My children’s father lies in a coma, stricken by a stroke in his brain stem. Although we are no longer tied by marriage, and we are each happily married to other people, our children are like double-sided tape–they bond us in some way forever. If they are mourning for their father, I am mourning with them, and I assume he would do the same. That’s what parents do.
This I know. Their father loves his children deeply. He thanked me for his daughter when Amy was born. He thanked me for his son Justin. He did his share of diapers (in the day when we washed them, yuck), and both kids inherited his sense of humor. He gave my kids great aunts, uncles, and cousins that I, and they, still love to this day.

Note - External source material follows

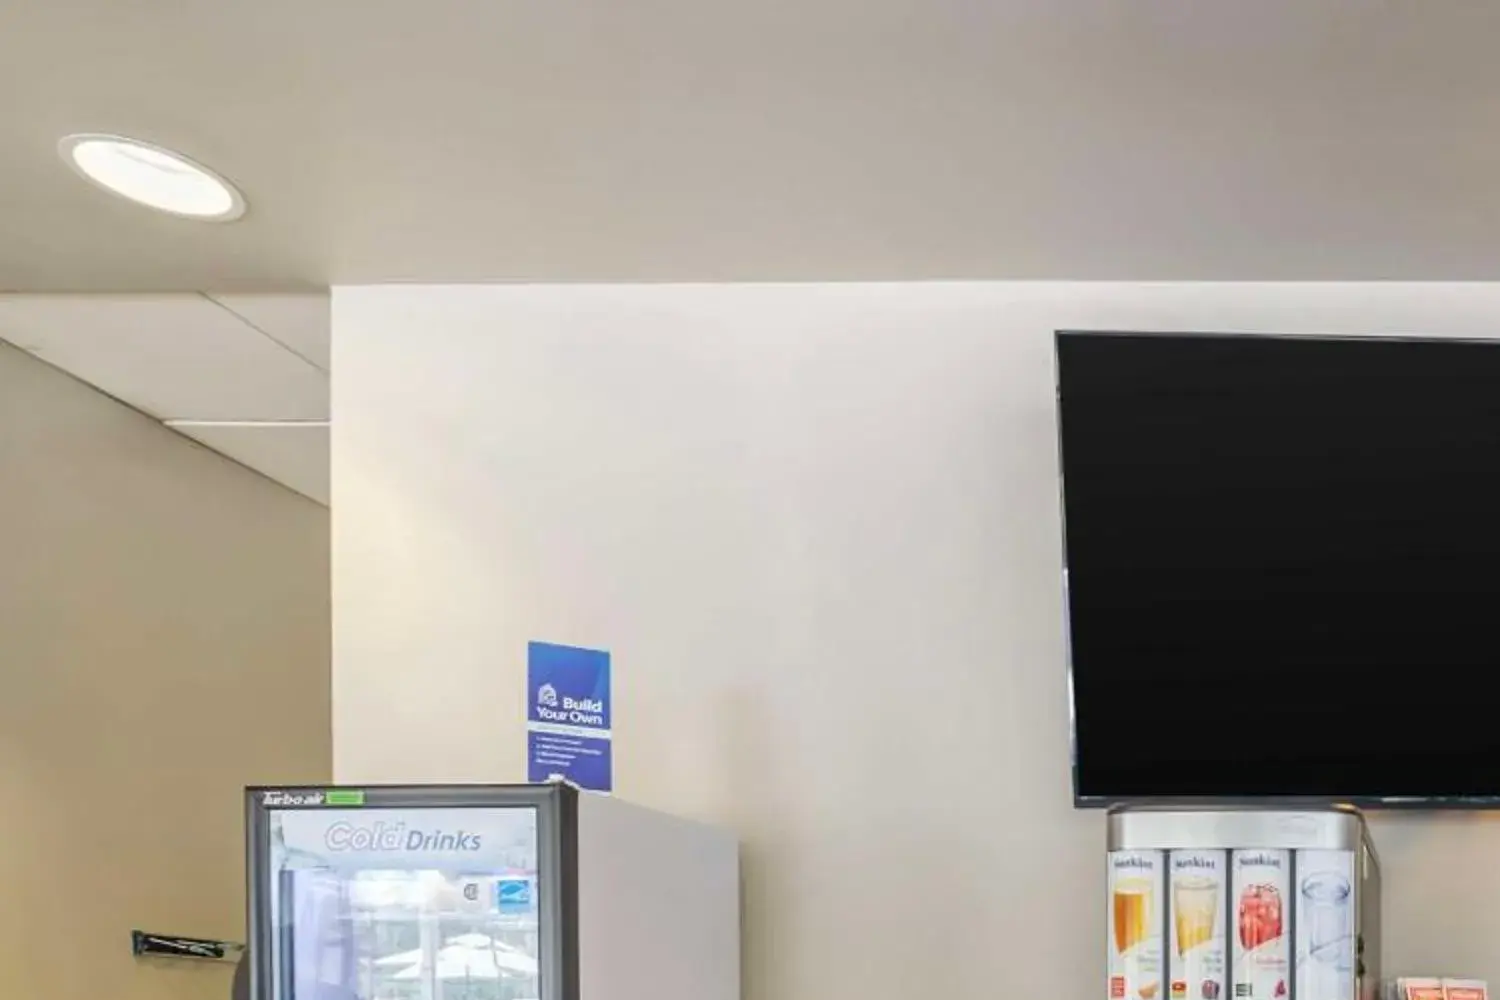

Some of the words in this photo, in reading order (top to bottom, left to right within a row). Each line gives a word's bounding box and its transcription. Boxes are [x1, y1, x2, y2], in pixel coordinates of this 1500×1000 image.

Divorce is never easy, but loving your children prompts us to act like grown-ups, and we worked at helping our children respect both their parents.
Their father and I met when I asked him to sit beside me in Latin class so this really weird guy wouldn’t. What can I say?! He was eager to please.
Our life journeys don’t always take us where we think we should go. In the hospital waiting room last week we talked about the ups and downs of life, divorce, and broken whatevers. In an unusually profound moment for me–jacked up on diet Coke and any chocolate I could find–I said to my kids, “Life is a lot like families. You can’t avoid the bad, but you can embrace the good.”
Their father has given them a lot of good.